### TRY IT:
The records that follow are to be given again exactly. Do not carry over any image.
****************************************
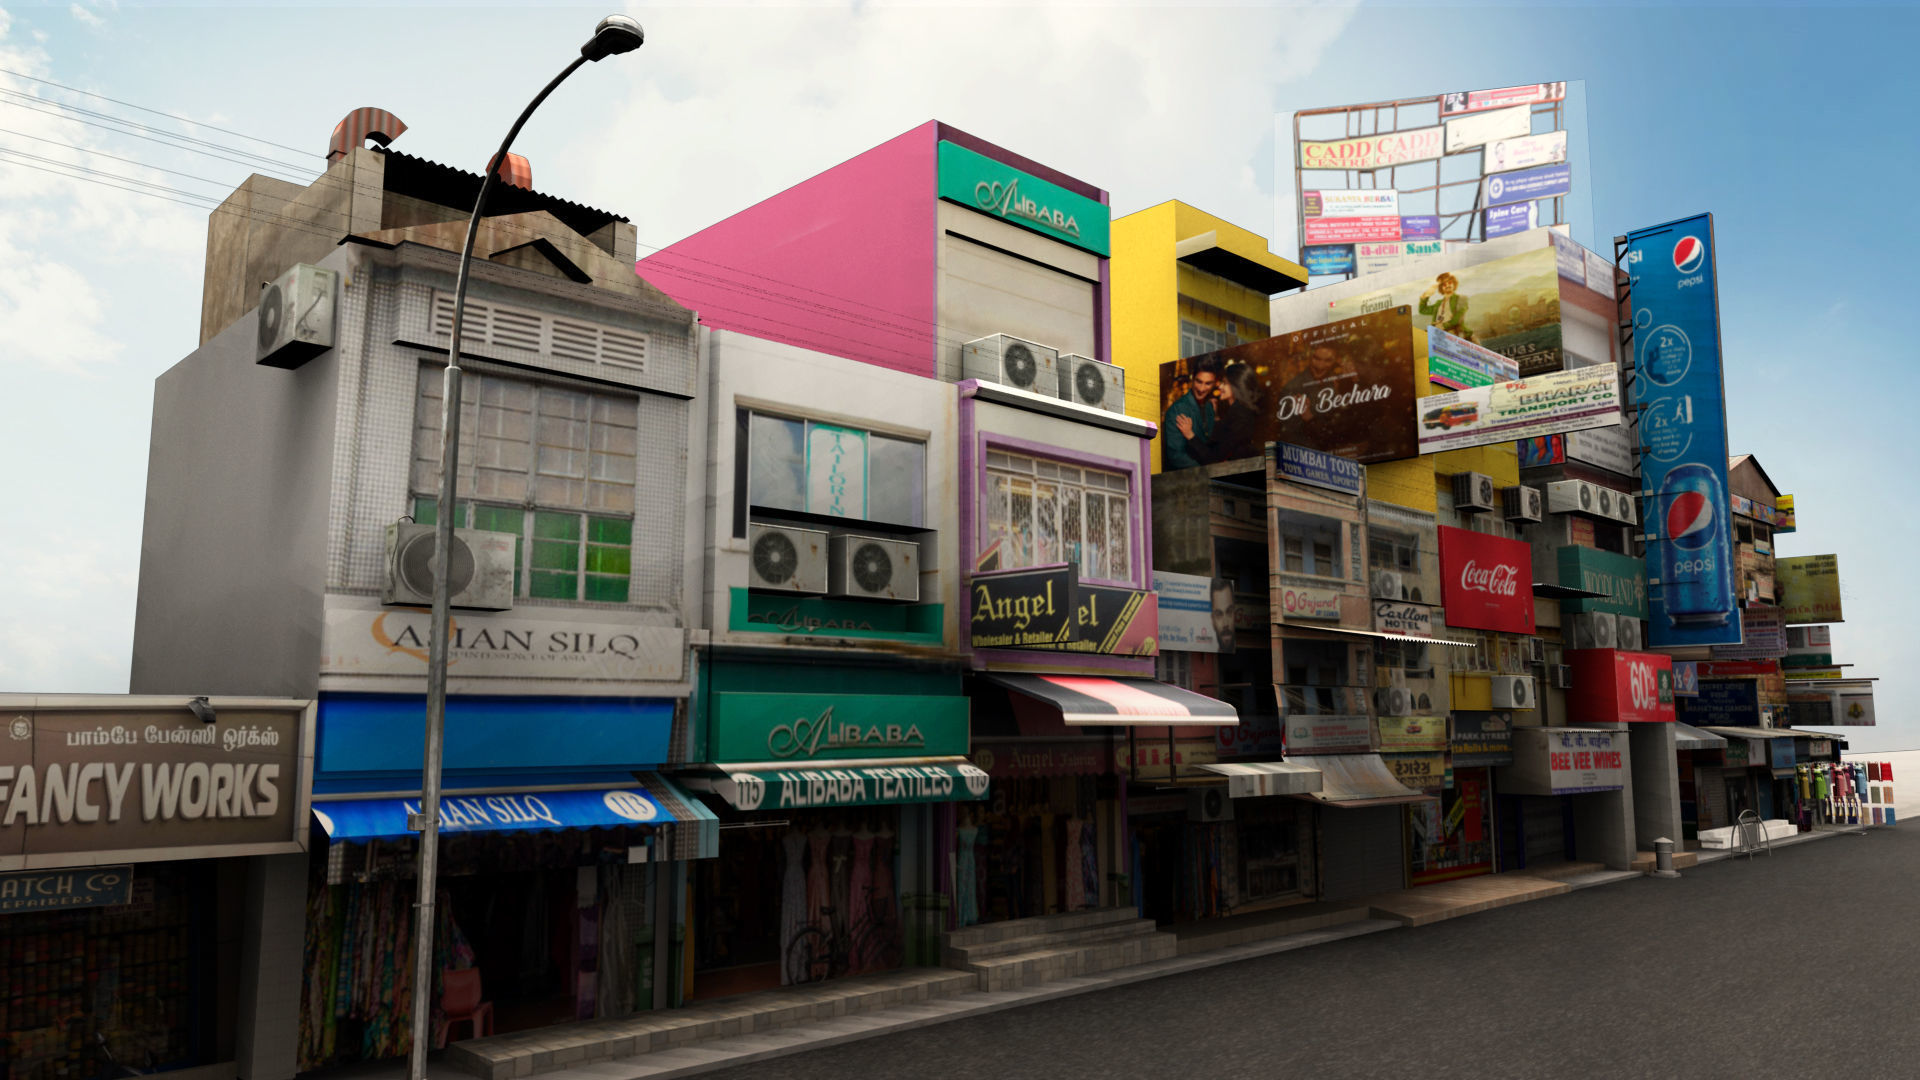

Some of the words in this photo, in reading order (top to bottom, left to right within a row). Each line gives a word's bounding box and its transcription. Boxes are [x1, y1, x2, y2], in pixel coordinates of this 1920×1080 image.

[1306, 141, 1372, 158] CADD
[1377, 131, 1440, 154] CADD
[1306, 158, 1370, 168] CENTRE
[1678, 275, 1703, 290] pepsi
[1292, 319, 1368, 344] OFFICIAL
[1276, 395, 1308, 421] Dil
[1315, 383, 1392, 414] Bechara
[1498, 397, 1588, 416] TRANSPORT
[1591, 392, 1617, 401] CO.
[1282, 445, 1327, 470] MUMBAI
[1329, 456, 1359, 479] TOYS
[1461, 559, 1519, 597] Coca-Cola
[1674, 555, 1716, 577] pepsi
[971, 578, 1057, 630] Angel
[1385, 618, 1420, 631] HOTEL
[391, 624, 534, 651] AIAN
[548, 631, 641, 661] SILQ
[1014, 633, 1021, 645] &
[66, 726, 138, 746] பாம்பே
[1551, 752, 1571, 771] BEE
[1572, 752, 1592, 771] VEE
[142, 761, 280, 822] WORKS
[777, 769, 867, 809] ALIBABA
[865, 766, 954, 802] TEXTILES
[485, 794, 562, 826] SILQ
[608, 794, 649, 817] 113
[1, 874, 74, 898] ATCH
[2, 895, 94, 910] EPAIRERS
****************************************
### TASK ANSWER:
Some of the words in this photo, in reading order (top to bottom, left to right within a row). Each line gives a word's bounding box and its transcription. Boxes are [x1, y1, x2, y2], in pixel coordinates of this 1920×1080 image.

[1306, 141, 1372, 158] CADD
[1377, 131, 1440, 154] CADD
[1306, 158, 1370, 168] CENTRE
[1678, 275, 1703, 290] pepsi
[1292, 319, 1368, 344] OFFICIAL
[1276, 395, 1308, 421] Dil
[1315, 383, 1392, 414] Bechara
[1498, 397, 1588, 416] TRANSPORT
[1591, 392, 1617, 401] CO.
[1282, 445, 1327, 470] MUMBAI
[1329, 456, 1359, 479] TOYS
[1461, 559, 1519, 597] Coca-Cola
[1674, 555, 1716, 577] pepsi
[971, 578, 1057, 630] Angel
[1385, 618, 1420, 631] HOTEL
[391, 624, 534, 651] AIAN
[548, 631, 641, 661] SILQ
[1014, 633, 1021, 645] &
[66, 726, 138, 746] பாம்பே
[1551, 752, 1571, 771] BEE
[1572, 752, 1592, 771] VEE
[142, 761, 280, 822] WORKS
[777, 769, 867, 809] ALIBABA
[865, 766, 954, 802] TEXTILES
[485, 794, 562, 826] SILQ
[608, 794, 649, 817] 113
[1, 874, 74, 898] ATCH
[2, 895, 94, 910] EPAIRERS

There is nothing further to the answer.